**Task prompt**
Would you repeat the entries below exactly and omit the pictures?

**Information shown**
= Beginning of Section =

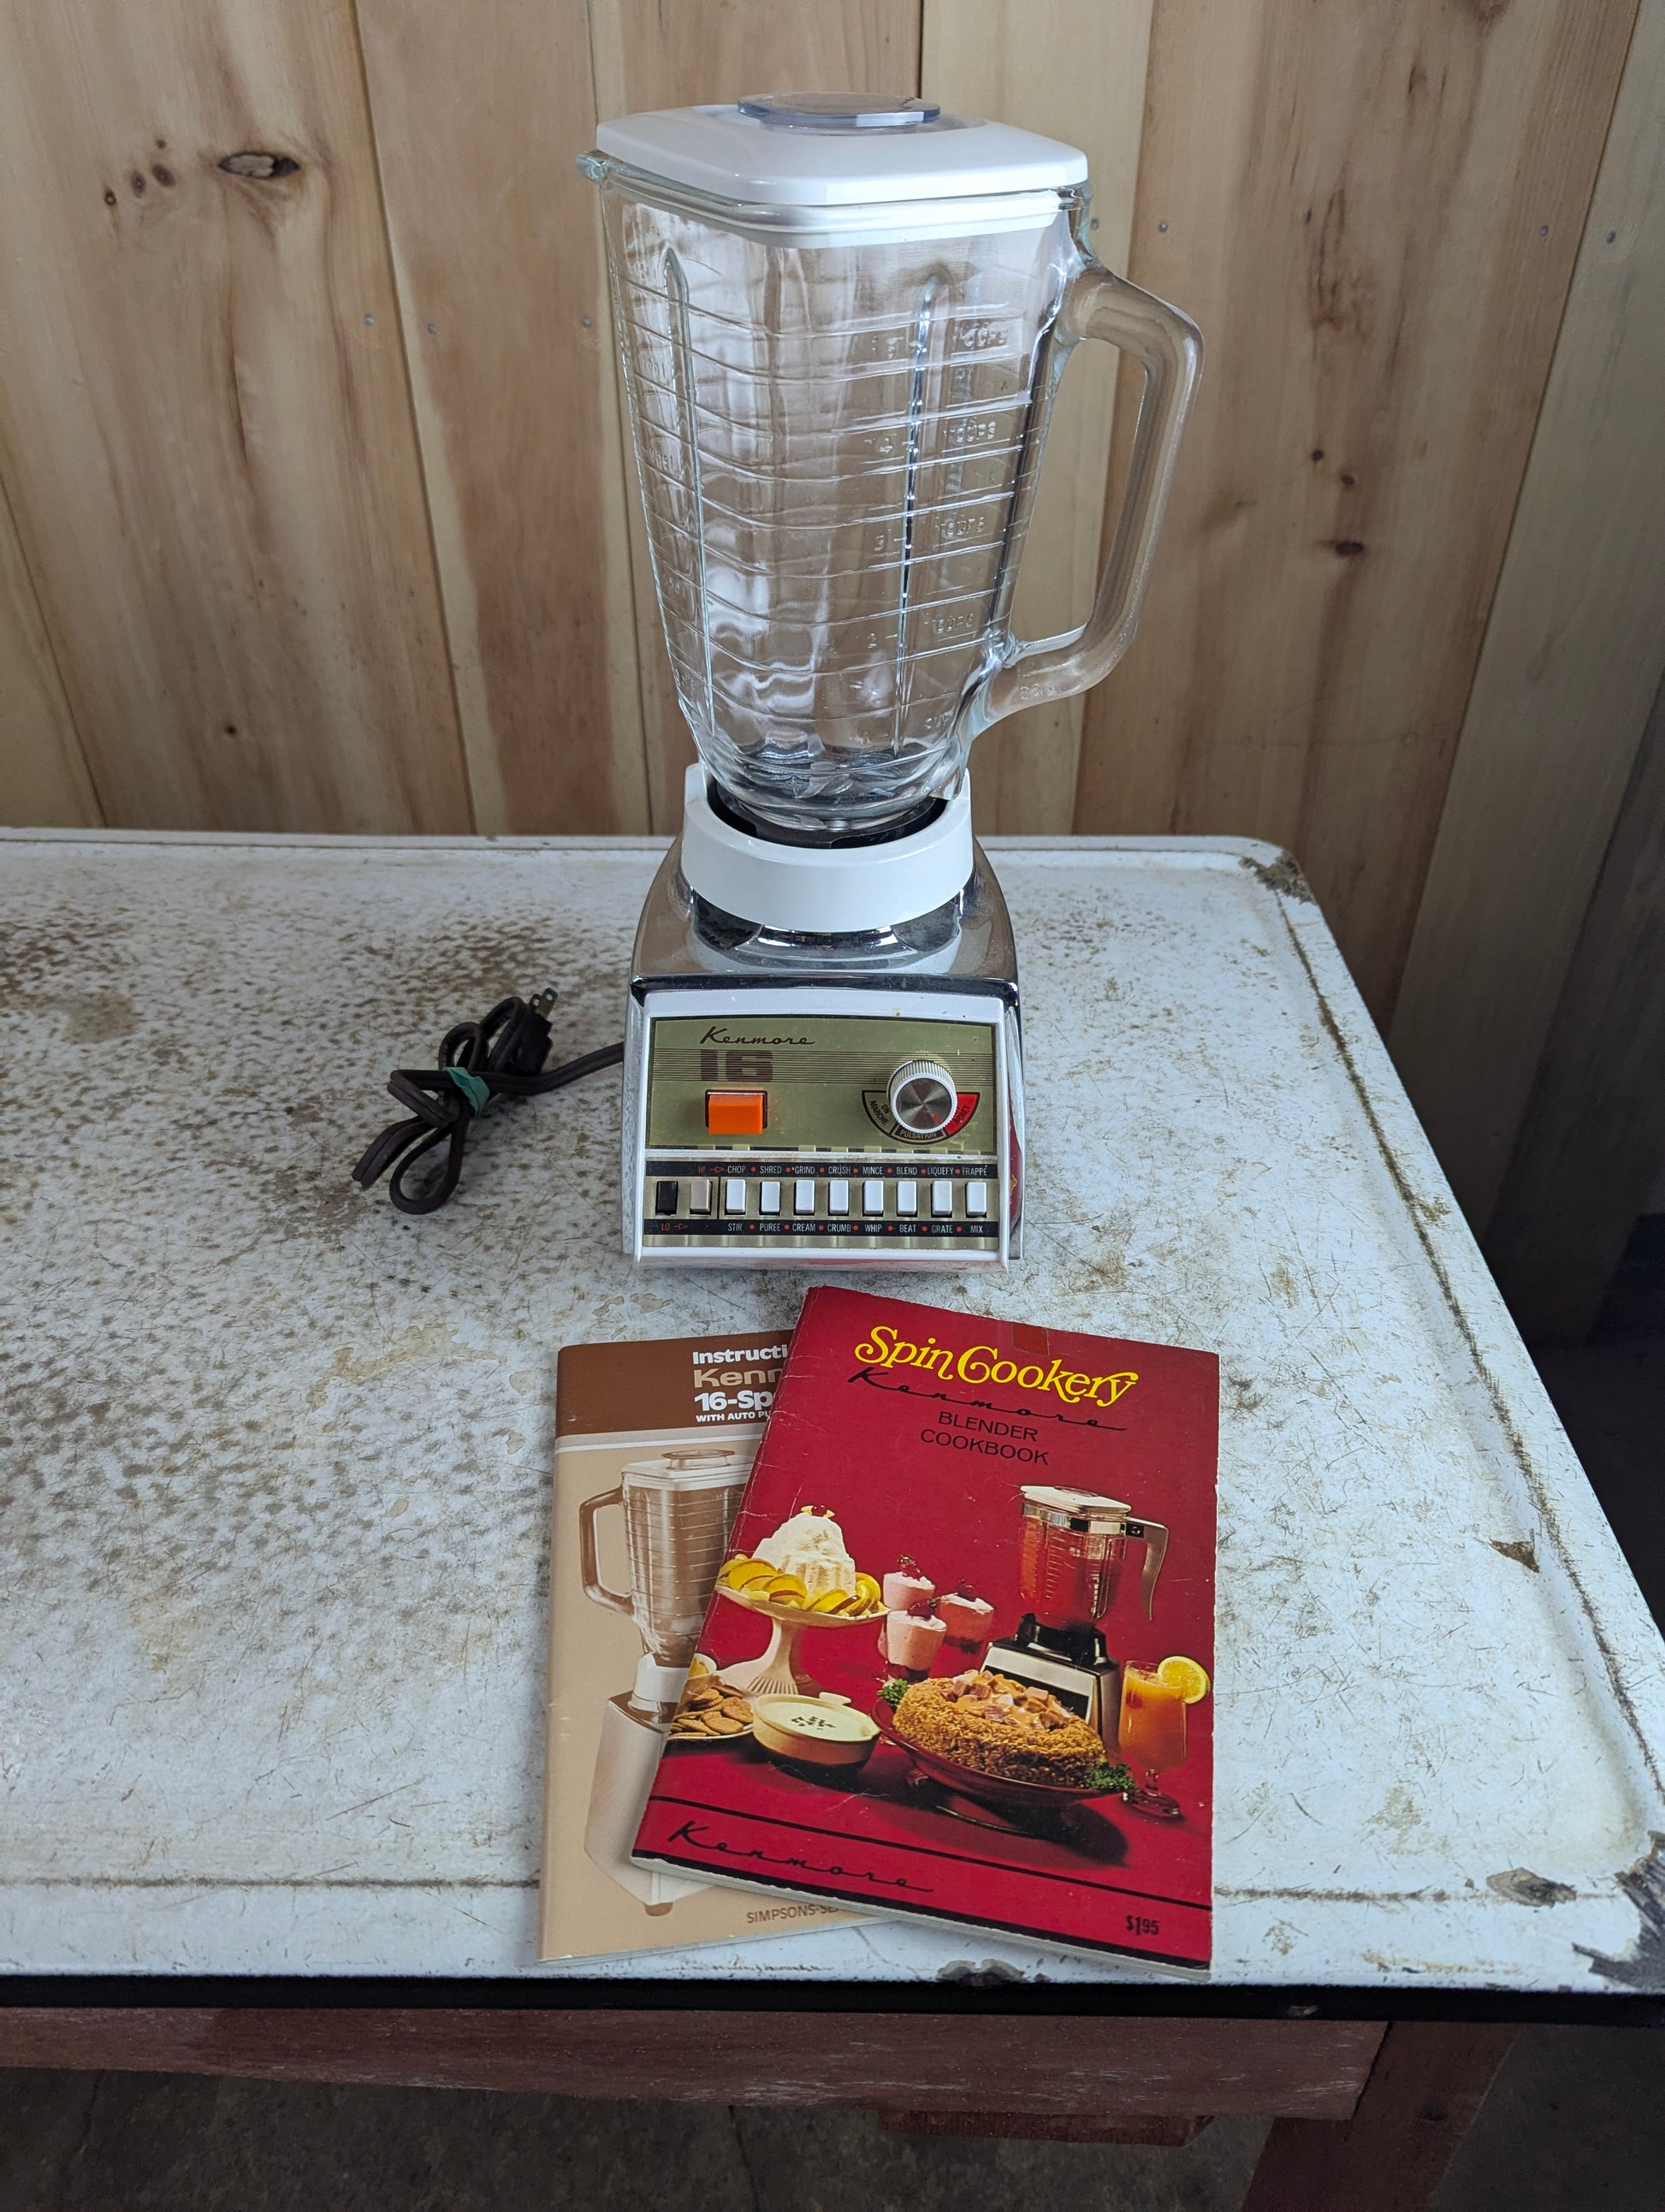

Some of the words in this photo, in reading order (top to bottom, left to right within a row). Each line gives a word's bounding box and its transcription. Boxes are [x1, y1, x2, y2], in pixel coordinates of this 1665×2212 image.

[699, 1026, 816, 1046] Kenmore
[700, 1049, 773, 1082] 16
[869, 1100, 890, 1125] MARCHE
[727, 1165, 746, 1174] CHOP
[760, 1165, 782, 1174] SHRED
[794, 1165, 815, 1175] GRIND
[828, 1166, 851, 1175] CRUSH
[862, 1166, 883, 1175] MINCE
[896, 1166, 917, 1176] BLEND
[927, 1166, 954, 1176] LIQUEFY
[661, 1223, 671, 1231] LO
[727, 1223, 743, 1231] STIR
[759, 1223, 780, 1231] PUREE
[792, 1223, 816, 1231] CREAM
[827, 1223, 851, 1232] CRUMB
[864, 1224, 882, 1232] WHIP
[899, 1224, 916, 1233] BEAT
[932, 1225, 953, 1234] GRATE
[970, 1225, 984, 1234] MIX
[847, 1367, 1128, 1432] Kenmore
[696, 1414, 725, 1422] WITH
[727, 1411, 755, 1421] AUTO
[937, 1411, 1039, 1444] BLENDER
[920, 1427, 1050, 1466] COOKBOOK
[667, 1819, 935, 1894] Kenmore
[746, 1904, 838, 1924] SIMPSONS-SE

= End of Section =

**Task answer**
Some of the words in this photo, in reading order (top to bottom, left to right within a row). Each line gives a word's bounding box and its transcription. Boxes are [x1, y1, x2, y2], in pixel coordinates of this 1665×2212 image.

[699, 1026, 816, 1046] Kenmore
[700, 1049, 773, 1082] 16
[869, 1100, 890, 1125] MARCHE
[727, 1165, 746, 1174] CHOP
[760, 1165, 782, 1174] SHRED
[794, 1165, 815, 1175] GRIND
[828, 1166, 851, 1175] CRUSH
[862, 1166, 883, 1175] MINCE
[896, 1166, 917, 1176] BLEND
[927, 1166, 954, 1176] LIQUEFY
[661, 1223, 671, 1231] LO
[727, 1223, 743, 1231] STIR
[759, 1223, 780, 1231] PUREE
[792, 1223, 816, 1231] CREAM
[827, 1223, 851, 1232] CRUMB
[864, 1224, 882, 1232] WHIP
[899, 1224, 916, 1233] BEAT
[932, 1225, 953, 1234] GRATE
[970, 1225, 984, 1234] MIX
[847, 1367, 1128, 1432] Kenmore
[696, 1414, 725, 1422] WITH
[727, 1411, 755, 1421] AUTO
[937, 1411, 1039, 1444] BLENDER
[920, 1427, 1050, 1466] COOKBOOK
[667, 1819, 935, 1894] Kenmore
[746, 1904, 838, 1924] SIMPSONS-SE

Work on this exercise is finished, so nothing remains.